Cultures collide on the Amazon in haunting 'Embrace of the Serpent'
The journey is definitely the destination in Embrace of the Serpent, a haunting meditation on culture, colonialism, and loss which this year became the first Colombian film to be nominated for a Foreign Language Oscar. Shot in captivating black-and-white, on location in the remote jungles on the banks of the Amazon River, it's an absorbing piece of filmmaking with the power of myth in every frame.
The third film from Colombian director Ciro Guerra, Embrace Of The Serpent is inspired by the published journals of two real-life scientists who visited the Amazon at separate times: Theodor Koch-Grunberg came out from Germany at the turn of the 20th Century, followed by American Richard Evans Schultes some forty years later. Each man recorded what he found in words and drawings, which journals have become the only documented evidence we have left of several indigenous Amazonian cultures that have long since vanished.
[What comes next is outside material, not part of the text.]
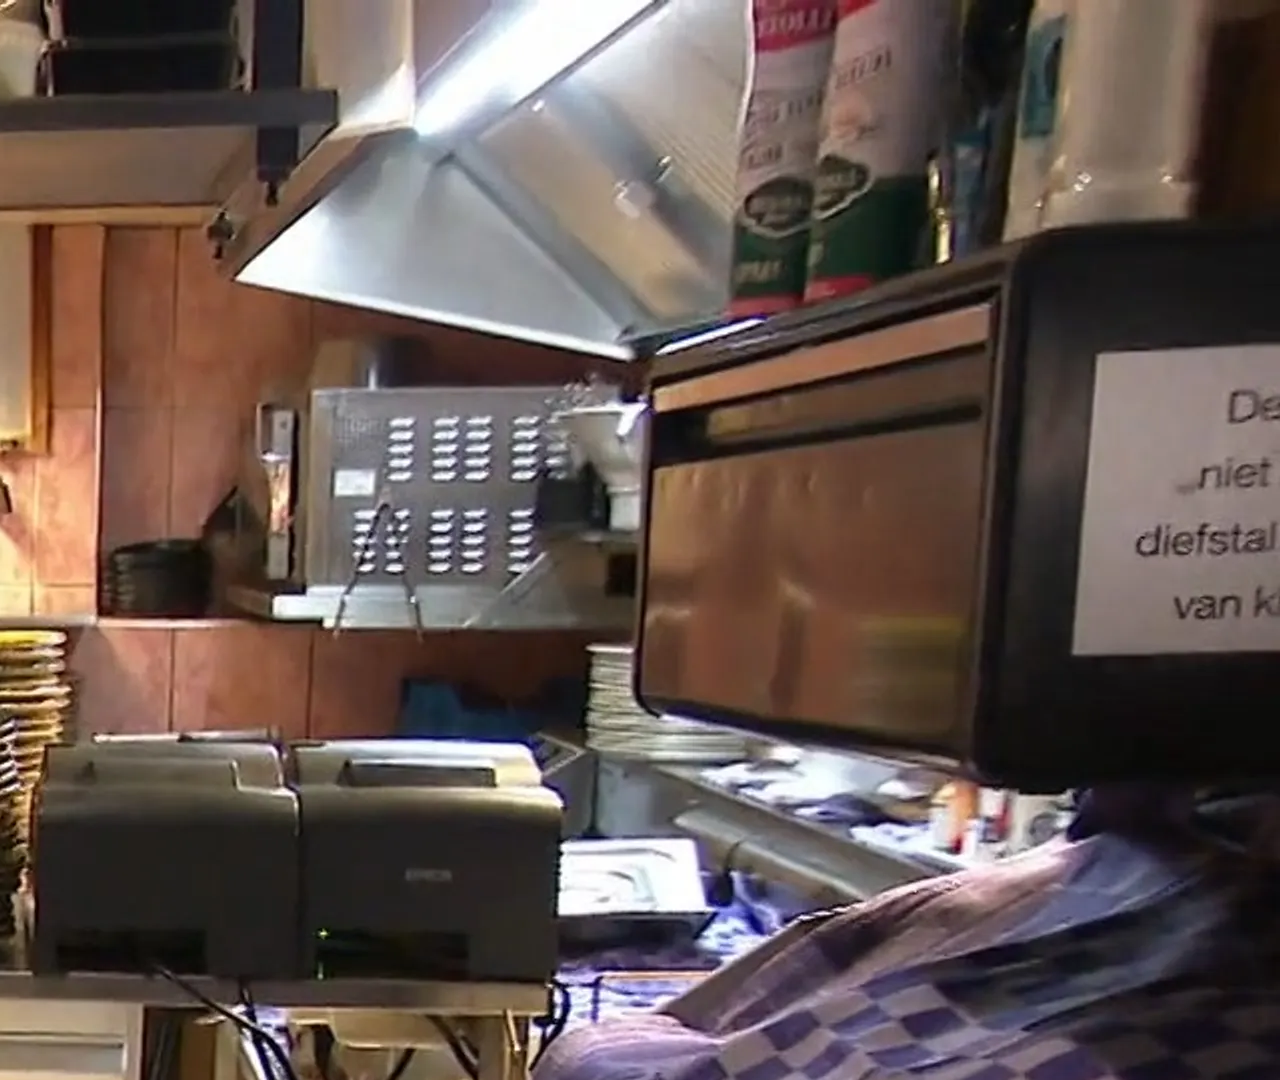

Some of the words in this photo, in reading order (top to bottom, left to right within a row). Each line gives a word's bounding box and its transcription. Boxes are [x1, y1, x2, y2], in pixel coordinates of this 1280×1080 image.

[1135, 521, 1278, 557] diefstal
[1173, 594, 1243, 619] van
[1253, 585, 1280, 618] k
Filmmaker Guerra combines these two stories by inventing a character both expeditions have in common: the shaman, Karamakate (the wonderful Nilbio Torres). A young man when Grunberg arrives in 1909, Karamakate is the last of his people, after Europeans destroyed his village in their insatiable lust to harvest rubber from the region. An older, crankier Karamakate is no more impressed with "the whites" when ethnobiologist Schultes appears during World War II, following the course described in Grunberg's book.
In both cases, the shaman reluctantly agrees to guide the travelers along the river. Through his eyes, we see the often devastating disruptions of tribal culture in his lifetime alone, before, during, and after exposure to the outsiders. And yet, Karamakate accompanies each explorer on his mission, hoping to persuade the white men to see, and to "listen," as the journey continues along the serpentine twists and turns of the Amazon into each man's private heart of darkness.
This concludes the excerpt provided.